This is Not a Surprise
(On edit) I realize that this story is almost 2 years old. It still bears comment.
Is anyone surprised that senior official in the U.S. Trade Representative’s office are now trying to profiteer on their access?
This is not a surprise. The officials who wrote the investor-state dispute settlement process into the original NAFTA proceeded to make bank off their government service as well.
The office of the USTR is a cesspool:
Two U.S. officials who helped negotiate an overhaul of North American trade rules have offered their services as private-sector advisers to future clients — making solicitations for post-government work while still on the federal payroll.
Jason Bernstein and Fred Fischer were key negotiators in U.S. Trade Representative Robert Lighthizer’s office responsible for the so-called rules-of-origin that dictate how much of a car must be made in North America to avoid tariffs under President Donald Trump’s renegotiated trade deal with Canada and Mexico.

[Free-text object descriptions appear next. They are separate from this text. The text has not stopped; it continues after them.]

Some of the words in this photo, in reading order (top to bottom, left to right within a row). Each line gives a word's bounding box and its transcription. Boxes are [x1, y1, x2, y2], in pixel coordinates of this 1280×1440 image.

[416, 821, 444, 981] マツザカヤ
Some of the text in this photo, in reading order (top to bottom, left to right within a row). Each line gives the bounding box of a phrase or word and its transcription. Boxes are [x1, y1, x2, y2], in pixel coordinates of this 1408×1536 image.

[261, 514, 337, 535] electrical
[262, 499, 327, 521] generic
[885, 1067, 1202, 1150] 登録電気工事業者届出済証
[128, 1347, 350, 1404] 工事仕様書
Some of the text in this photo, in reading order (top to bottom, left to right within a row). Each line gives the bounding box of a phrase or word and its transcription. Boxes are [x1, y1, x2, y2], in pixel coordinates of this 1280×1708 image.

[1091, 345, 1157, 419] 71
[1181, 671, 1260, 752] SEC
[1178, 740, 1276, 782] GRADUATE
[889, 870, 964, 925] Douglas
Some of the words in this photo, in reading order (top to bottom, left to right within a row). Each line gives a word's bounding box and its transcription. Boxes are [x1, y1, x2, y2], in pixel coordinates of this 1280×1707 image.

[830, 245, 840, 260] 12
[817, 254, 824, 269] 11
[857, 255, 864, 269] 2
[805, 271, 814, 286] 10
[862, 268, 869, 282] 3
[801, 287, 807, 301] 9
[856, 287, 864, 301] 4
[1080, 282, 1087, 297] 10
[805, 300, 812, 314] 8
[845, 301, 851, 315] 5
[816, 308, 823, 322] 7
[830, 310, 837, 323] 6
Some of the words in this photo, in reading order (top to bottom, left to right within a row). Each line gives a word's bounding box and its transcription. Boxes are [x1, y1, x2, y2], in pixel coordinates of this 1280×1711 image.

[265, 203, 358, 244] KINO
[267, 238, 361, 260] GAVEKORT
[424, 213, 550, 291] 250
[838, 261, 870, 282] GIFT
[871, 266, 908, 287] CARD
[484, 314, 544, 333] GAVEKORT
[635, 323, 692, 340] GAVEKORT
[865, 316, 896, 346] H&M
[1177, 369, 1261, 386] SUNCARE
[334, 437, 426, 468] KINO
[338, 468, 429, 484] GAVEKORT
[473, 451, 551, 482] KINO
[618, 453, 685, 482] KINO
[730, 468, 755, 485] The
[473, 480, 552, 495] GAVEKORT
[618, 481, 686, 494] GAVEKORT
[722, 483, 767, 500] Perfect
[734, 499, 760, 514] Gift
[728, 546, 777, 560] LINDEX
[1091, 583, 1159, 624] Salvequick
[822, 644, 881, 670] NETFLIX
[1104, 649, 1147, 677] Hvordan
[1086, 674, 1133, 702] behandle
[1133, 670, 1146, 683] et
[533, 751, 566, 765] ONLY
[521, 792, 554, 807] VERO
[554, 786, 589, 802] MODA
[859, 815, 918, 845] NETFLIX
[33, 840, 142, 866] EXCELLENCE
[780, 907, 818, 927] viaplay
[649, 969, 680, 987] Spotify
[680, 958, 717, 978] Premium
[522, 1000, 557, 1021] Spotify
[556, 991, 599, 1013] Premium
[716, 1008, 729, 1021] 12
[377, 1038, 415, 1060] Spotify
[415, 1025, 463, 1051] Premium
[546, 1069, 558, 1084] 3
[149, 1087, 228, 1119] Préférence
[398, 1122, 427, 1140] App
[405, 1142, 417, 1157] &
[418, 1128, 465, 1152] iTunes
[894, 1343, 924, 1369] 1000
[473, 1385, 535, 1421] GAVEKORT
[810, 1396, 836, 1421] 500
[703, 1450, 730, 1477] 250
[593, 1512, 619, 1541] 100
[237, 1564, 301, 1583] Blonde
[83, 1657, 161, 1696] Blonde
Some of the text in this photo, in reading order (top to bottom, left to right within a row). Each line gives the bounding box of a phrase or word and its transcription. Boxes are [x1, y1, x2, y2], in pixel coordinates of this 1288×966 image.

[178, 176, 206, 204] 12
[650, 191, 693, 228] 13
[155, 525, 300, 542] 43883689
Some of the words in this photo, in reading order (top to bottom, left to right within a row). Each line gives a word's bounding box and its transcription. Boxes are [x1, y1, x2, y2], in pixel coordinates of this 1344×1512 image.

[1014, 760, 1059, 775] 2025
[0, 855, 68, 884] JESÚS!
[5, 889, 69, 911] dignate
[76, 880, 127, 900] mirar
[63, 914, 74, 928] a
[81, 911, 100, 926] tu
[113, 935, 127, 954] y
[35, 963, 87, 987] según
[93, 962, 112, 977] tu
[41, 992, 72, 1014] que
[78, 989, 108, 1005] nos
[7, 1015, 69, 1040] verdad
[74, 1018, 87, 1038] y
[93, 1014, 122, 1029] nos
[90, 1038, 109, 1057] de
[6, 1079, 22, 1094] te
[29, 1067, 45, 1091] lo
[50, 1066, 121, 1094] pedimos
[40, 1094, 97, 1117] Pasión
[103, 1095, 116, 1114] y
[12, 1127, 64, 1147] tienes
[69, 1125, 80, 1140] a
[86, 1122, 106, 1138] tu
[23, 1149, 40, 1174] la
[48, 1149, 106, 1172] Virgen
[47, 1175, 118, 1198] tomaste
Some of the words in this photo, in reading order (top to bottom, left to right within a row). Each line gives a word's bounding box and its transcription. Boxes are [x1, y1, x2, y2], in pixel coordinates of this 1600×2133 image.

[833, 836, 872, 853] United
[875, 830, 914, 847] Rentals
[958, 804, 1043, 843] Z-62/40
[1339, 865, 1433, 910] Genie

They have reached out to companies in the auto industry to offer help implementing the U.S.-Mexico-Canada Agreement after they leave government service, according to documents reviewed by Bloomberg News and three people familiar with the communications who requested anonymity to discuss the private exchanges.
“As you know, Jason and I are looking to leave USTR, and we would like to assist companies directly with their USMCA implementation needs,” Fischer, the USTR’s senior automotive industry trade adviser, wrote last week in an email to an auto industry representative that was seen by Bloomberg News. The email referred the recipient to autovisory.com, which Fischer in the email called “our website,” for additional information.
In addition to being sleazy, it is also illegal, at least it was when Darleen Druyen went to jail for throwing business to Boeing in exchange for securing a lucrative post-Pentagon sinecure.
Also, Autovisrory LITERALLY has a K Street address. (1717 K Street NW, Suite 900) They are literally offering their services as lobbyists while still working for the federal government.
It is not uncommon for federal regulatory officials to cash in on their expertise after leaving the government by advising clients about the agencies where they once worked. [Gee, ya think?!?!!?] But offering services as part of a private venture while on the government payroll would go a step further, according to ethics experts.
These guys need to be frog-marched out of their offices in handcuffs.
Being pelted with tomatoes by the general public would be good too.